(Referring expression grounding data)
· · · · ·

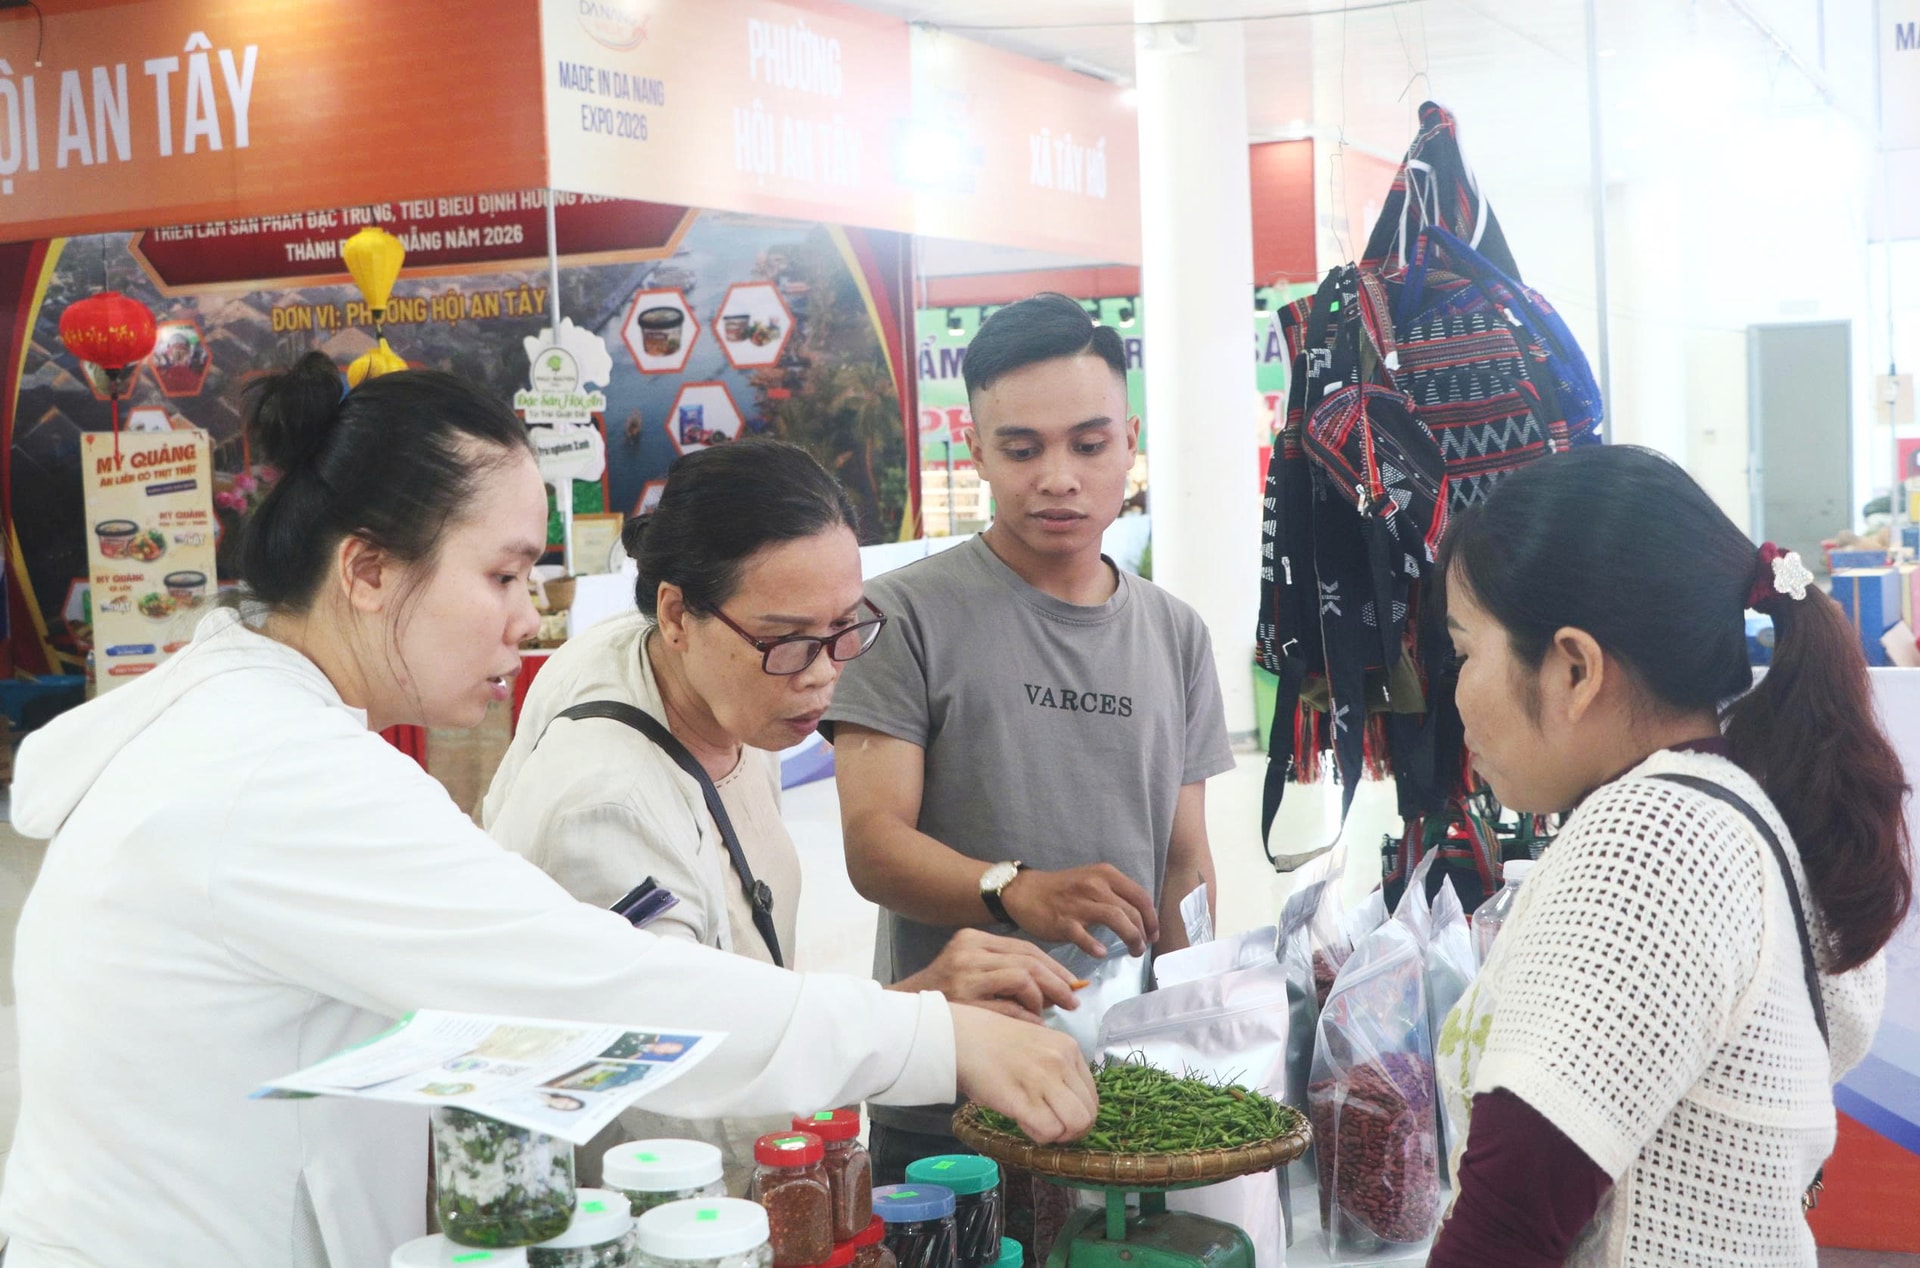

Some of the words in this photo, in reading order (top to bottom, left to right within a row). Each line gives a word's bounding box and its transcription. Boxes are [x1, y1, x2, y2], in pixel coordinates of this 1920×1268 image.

[57, 63, 132, 169] AN
[144, 31, 259, 157] TÂY
[559, 60, 596, 95] MADE
[598, 68, 611, 97] IN
[613, 71, 631, 101] DA
[632, 75, 665, 107] NANG
[581, 103, 614, 135] EXPO
[616, 110, 648, 141] 2026
[734, 97, 776, 187] HỘI
[479, 191, 517, 218] ĐỊNH
[285, 237, 337, 262] THÀNH
[446, 226, 481, 249] NĂM
[484, 224, 524, 246] 2026
[271, 304, 313, 332] ĐƠN
[315, 303, 341, 335] VỊ:
[431, 289, 466, 326] HỘI
[470, 293, 500, 319] AN
[503, 284, 548, 317] TÂY
[130, 443, 196, 469] QUẢNG
[1023, 683, 1133, 718] VARCES
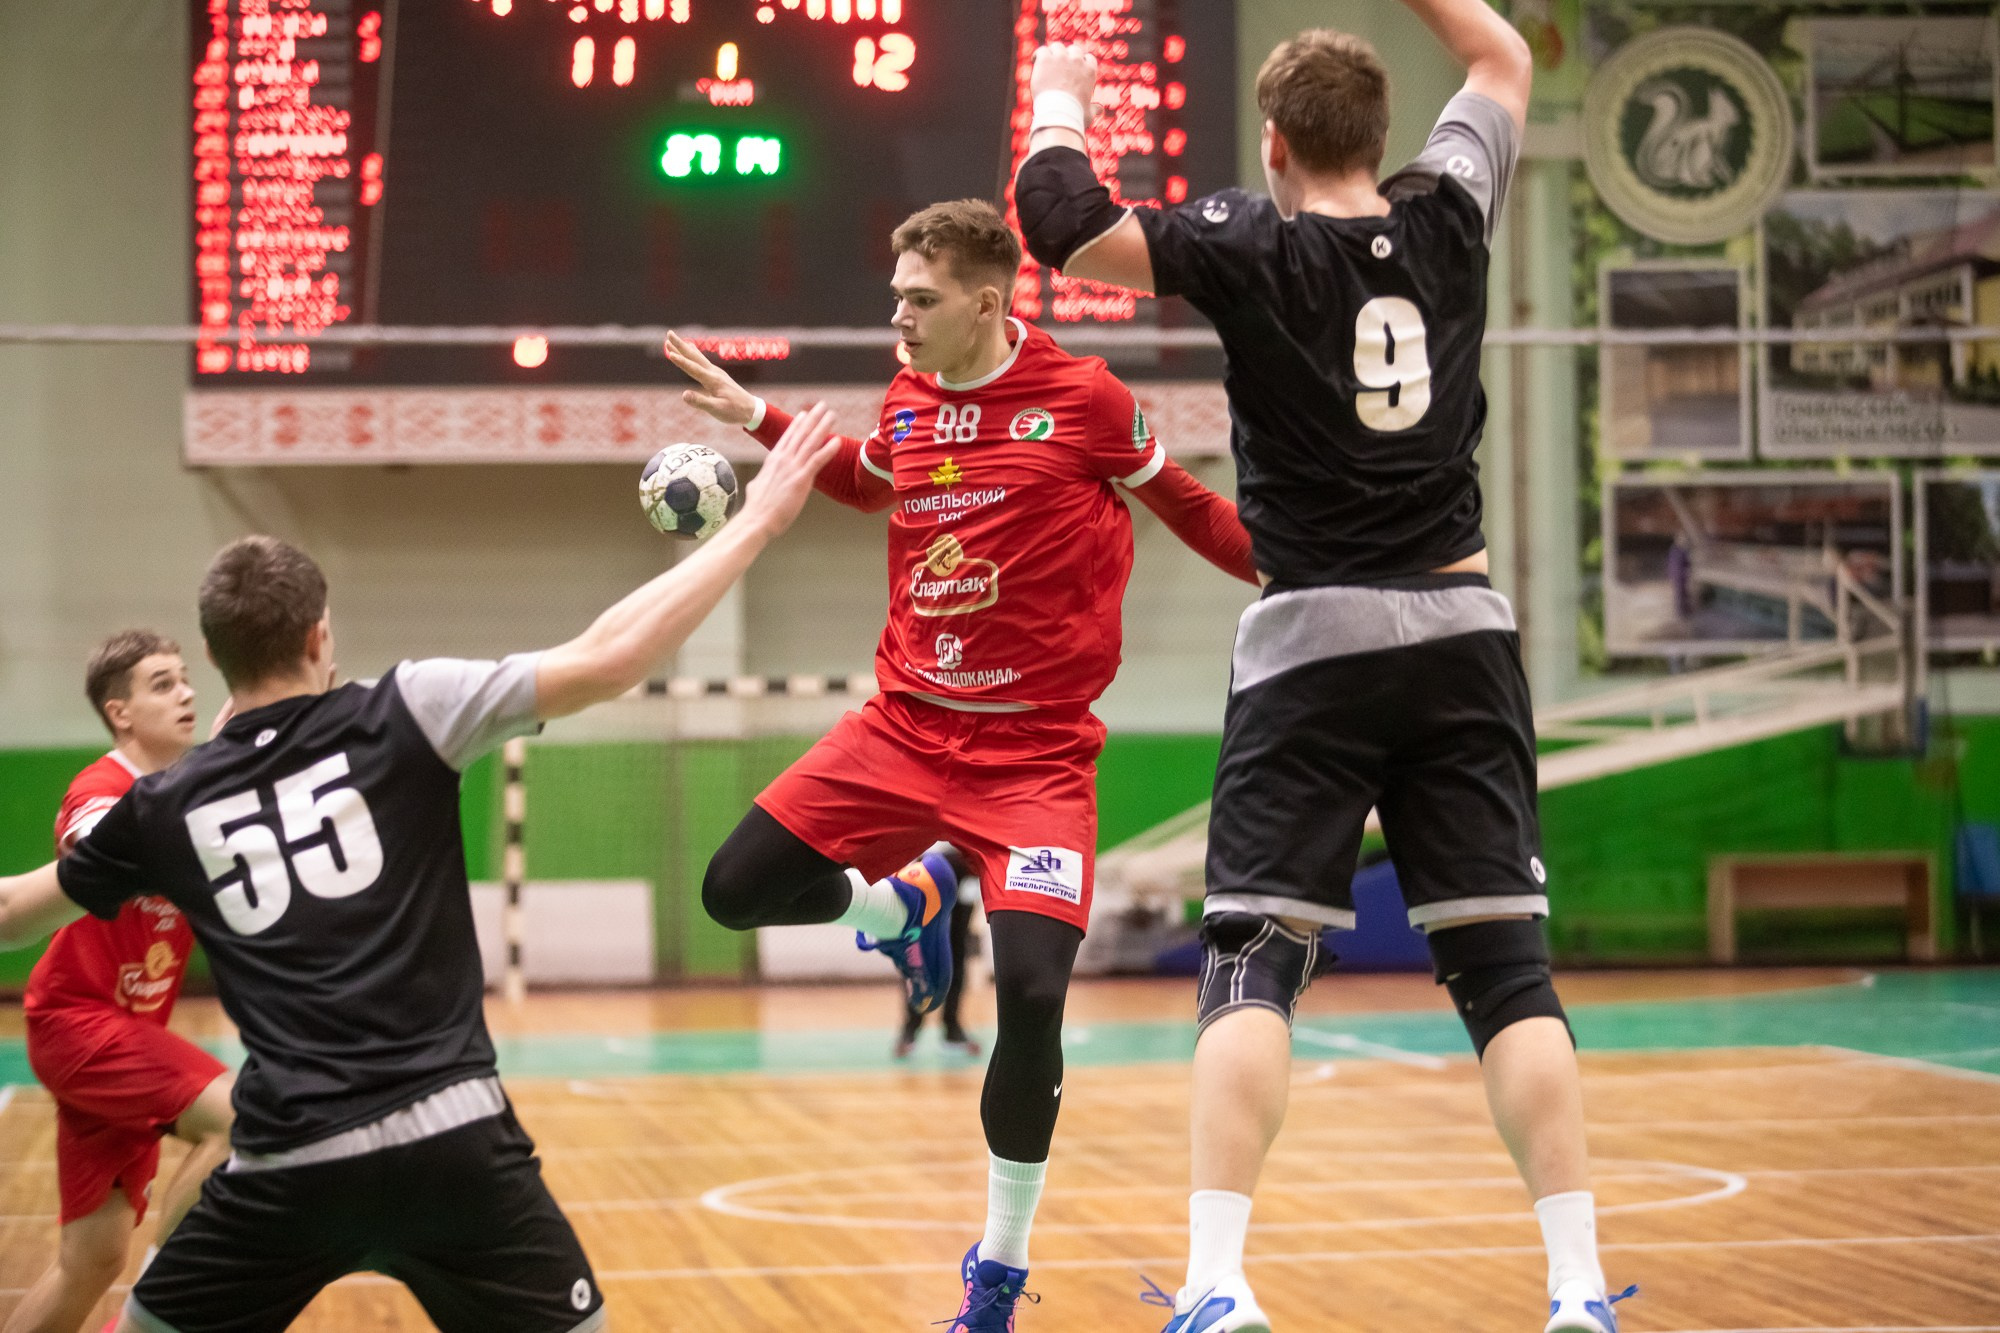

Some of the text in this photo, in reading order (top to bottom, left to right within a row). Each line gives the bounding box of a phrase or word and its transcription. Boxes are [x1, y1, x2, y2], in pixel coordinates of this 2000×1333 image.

[572, 36, 636, 88] 11
[853, 33, 916, 92] 12
[1353, 296, 1431, 432] 9
[933, 403, 981, 444] 98
[665, 447, 715, 475] SELECT
[904, 486, 1006, 514] ГОМЕЛЬСКИЙ
[911, 568, 988, 600] Спартак
[185, 752, 384, 936] 55
[1009, 881, 1077, 900] ГОМЕЛЬРЕМСТРОЙ
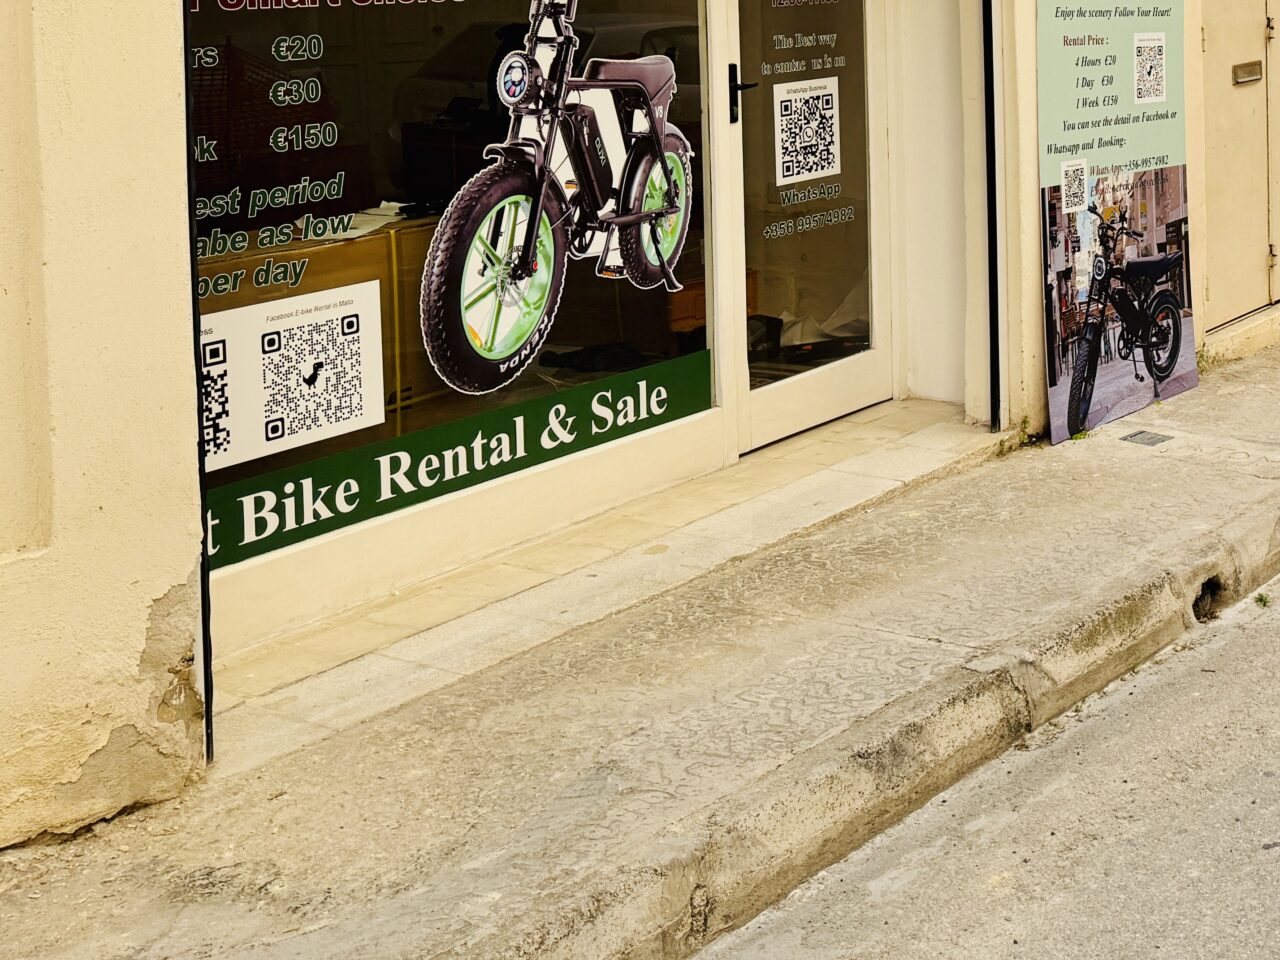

· · · · ·

• **Exercise**
Write out the records above in full and exactly, with no pictures.

• **Result**
Some of the words in this photo, in reading order (top to bottom, left to right within a row). Each line gives a word's bounding box and its transcription. Boxes are [x1, y1, x2, y2], in pixel coordinates of this 1920×1268 image.

[57, 63, 132, 169] AN
[144, 31, 259, 157] TÂY
[559, 60, 596, 95] MADE
[598, 68, 611, 97] IN
[613, 71, 631, 101] DA
[632, 75, 665, 107] NANG
[581, 103, 614, 135] EXPO
[616, 110, 648, 141] 2026
[734, 97, 776, 187] HỘI
[479, 191, 517, 218] ĐỊNH
[285, 237, 337, 262] THÀNH
[446, 226, 481, 249] NĂM
[484, 224, 524, 246] 2026
[271, 304, 313, 332] ĐƠN
[315, 303, 341, 335] VỊ:
[431, 289, 466, 326] HỘI
[470, 293, 500, 319] AN
[503, 284, 548, 317] TÂY
[130, 443, 196, 469] QUẢNG
[1023, 683, 1133, 718] VARCES

Some of the text in this photo, in reading order (top to bottom, left to right within a row). Each line gives the bounding box of a phrase or word and its transcription. Boxes are [x1, y1, x2, y2], in pixel coordinates of this 2000×1333 image.

[572, 36, 636, 88] 11
[853, 33, 916, 92] 12
[1353, 296, 1431, 432] 9
[933, 403, 981, 444] 98
[665, 447, 715, 475] SELECT
[904, 486, 1006, 514] ГОМЕЛЬСКИЙ
[911, 568, 988, 600] Спартак
[185, 752, 384, 936] 55
[1009, 881, 1077, 900] ГОМЕЛЬРЕМСТРОЙ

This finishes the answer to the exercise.